6. The storage optimization method according to claim 5, characterized in that, Performing adaptive coding and cross-modal redundancy removal according to the optimal strategy includes: Based on the point cloud data and the radar data, the geometric information and motion vector of the vehicle are extracted, and a video ROI mask is generated. The bitrate of the non-ROI region of the video is reduced based on the video ROI mask, and redundancy control is performed on the non-ROI region of the video to increase quantization parameters or reduce frame rate.

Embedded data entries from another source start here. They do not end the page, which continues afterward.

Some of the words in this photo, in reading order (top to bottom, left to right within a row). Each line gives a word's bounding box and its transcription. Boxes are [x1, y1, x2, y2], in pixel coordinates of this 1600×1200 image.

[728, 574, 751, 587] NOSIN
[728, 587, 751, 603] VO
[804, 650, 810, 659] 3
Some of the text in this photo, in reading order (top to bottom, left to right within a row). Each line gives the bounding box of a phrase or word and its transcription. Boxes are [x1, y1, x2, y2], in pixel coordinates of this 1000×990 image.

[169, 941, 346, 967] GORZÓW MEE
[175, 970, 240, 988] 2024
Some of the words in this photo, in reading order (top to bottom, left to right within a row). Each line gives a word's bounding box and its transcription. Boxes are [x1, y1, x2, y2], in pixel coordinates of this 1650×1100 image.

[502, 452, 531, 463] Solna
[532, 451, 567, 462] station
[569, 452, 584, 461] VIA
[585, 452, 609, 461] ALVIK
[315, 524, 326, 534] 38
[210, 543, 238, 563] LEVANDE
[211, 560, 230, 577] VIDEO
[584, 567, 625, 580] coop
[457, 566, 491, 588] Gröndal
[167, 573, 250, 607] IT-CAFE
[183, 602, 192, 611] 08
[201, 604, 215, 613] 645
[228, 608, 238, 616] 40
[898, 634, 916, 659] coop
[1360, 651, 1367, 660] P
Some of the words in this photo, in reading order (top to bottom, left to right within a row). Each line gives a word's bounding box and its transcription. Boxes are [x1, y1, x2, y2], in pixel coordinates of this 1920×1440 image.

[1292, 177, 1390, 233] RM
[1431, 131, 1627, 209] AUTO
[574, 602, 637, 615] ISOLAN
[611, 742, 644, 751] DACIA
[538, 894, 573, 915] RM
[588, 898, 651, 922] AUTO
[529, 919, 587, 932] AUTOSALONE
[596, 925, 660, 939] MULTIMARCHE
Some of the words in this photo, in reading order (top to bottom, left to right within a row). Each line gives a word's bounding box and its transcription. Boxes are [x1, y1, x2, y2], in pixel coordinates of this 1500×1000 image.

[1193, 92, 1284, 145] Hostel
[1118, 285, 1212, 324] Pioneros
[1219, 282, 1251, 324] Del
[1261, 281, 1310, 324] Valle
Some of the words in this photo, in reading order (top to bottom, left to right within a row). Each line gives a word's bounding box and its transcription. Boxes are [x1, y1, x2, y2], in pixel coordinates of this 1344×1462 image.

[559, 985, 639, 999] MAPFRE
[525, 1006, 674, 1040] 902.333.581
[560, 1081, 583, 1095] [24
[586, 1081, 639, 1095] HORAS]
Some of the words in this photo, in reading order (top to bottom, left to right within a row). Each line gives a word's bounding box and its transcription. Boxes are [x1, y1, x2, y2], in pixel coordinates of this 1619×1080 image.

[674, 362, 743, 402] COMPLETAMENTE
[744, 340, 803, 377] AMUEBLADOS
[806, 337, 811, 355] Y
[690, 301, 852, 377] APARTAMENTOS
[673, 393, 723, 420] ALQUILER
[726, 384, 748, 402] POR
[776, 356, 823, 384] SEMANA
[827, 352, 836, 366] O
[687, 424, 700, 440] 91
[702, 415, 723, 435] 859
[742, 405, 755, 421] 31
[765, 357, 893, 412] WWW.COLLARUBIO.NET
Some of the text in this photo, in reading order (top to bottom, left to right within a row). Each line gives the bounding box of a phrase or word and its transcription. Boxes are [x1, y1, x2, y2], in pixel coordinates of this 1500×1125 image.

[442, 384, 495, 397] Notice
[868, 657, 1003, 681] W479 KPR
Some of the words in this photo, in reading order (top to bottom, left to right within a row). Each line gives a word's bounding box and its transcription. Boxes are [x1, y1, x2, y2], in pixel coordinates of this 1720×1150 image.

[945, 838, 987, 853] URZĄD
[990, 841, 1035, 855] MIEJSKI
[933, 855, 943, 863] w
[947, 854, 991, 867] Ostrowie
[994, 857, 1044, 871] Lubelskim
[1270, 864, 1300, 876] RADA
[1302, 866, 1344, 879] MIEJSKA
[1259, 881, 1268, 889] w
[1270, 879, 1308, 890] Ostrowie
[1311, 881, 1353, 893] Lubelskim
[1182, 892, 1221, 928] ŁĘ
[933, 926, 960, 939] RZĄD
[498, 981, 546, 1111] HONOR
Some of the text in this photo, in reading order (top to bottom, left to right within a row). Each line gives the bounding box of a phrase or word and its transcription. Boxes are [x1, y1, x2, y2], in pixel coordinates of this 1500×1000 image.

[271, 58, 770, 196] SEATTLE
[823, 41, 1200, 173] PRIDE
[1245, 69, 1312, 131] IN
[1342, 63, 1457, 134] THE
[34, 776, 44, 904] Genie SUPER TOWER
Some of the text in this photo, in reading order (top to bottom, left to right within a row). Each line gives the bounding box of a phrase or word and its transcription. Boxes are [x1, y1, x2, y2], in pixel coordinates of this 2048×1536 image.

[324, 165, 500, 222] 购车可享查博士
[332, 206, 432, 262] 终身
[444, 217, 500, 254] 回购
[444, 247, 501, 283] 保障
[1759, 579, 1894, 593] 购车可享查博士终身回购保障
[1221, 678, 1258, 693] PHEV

7. The storage optimization method according to claim 4, characterized in that, Any candidate strategy in the candidate strategy set includes at least one of the following: encoding quality level of the corresponding modal data, sparsity of the point cloud, data granularity of the radar, anonymization level, data retention duration, data upload priority, and privacy desensitization level.
8. A storage optimization device for autonomous driving data, characterized in that, The storage optimization device is used to implement the storage optimization method for autonomous driving data as described in any one of claims 1-7, wherein the storage optimization device for autonomous driving data comprises: A data extraction unit (100) is used to collect multimodal data of the vehicle and extract the scene perception features and event information of the vehicle. A data evaluation unit (200) is used to evaluate the scene value and event triggering probability of the vehicle in each data segment based on the scene perception features and the event information. Template loading unit (300), the template loading unit (300) is used to load a preset compliance template to determine the compliance constraints of data processing; The strategy generation unit (400) is used to generate a set of candidate strategies that conform to the multimodal data based on the scenario value, the event trigger probability, the compliance constraints and the resource status of the vehicle. A strategy filtering unit (500) is used to filter the optimal strategy from the candidate strategy set according to the current mode of the vehicle. The strategy execution unit (600) is used to perform optimization processing and transmission of the optimal strategy, and to perform differential synchronization and strategy closed-loop update in network interruption and recovery scenarios.
9. A storage optimization system for autonomous driving data, characterized in that, The autonomous driving data storage optimization system is applied to the autonomous driving data storage optimization apparatus as described in claim 8 to execute the autonomous driving data storage optimization method as described in any one of claims 1-7.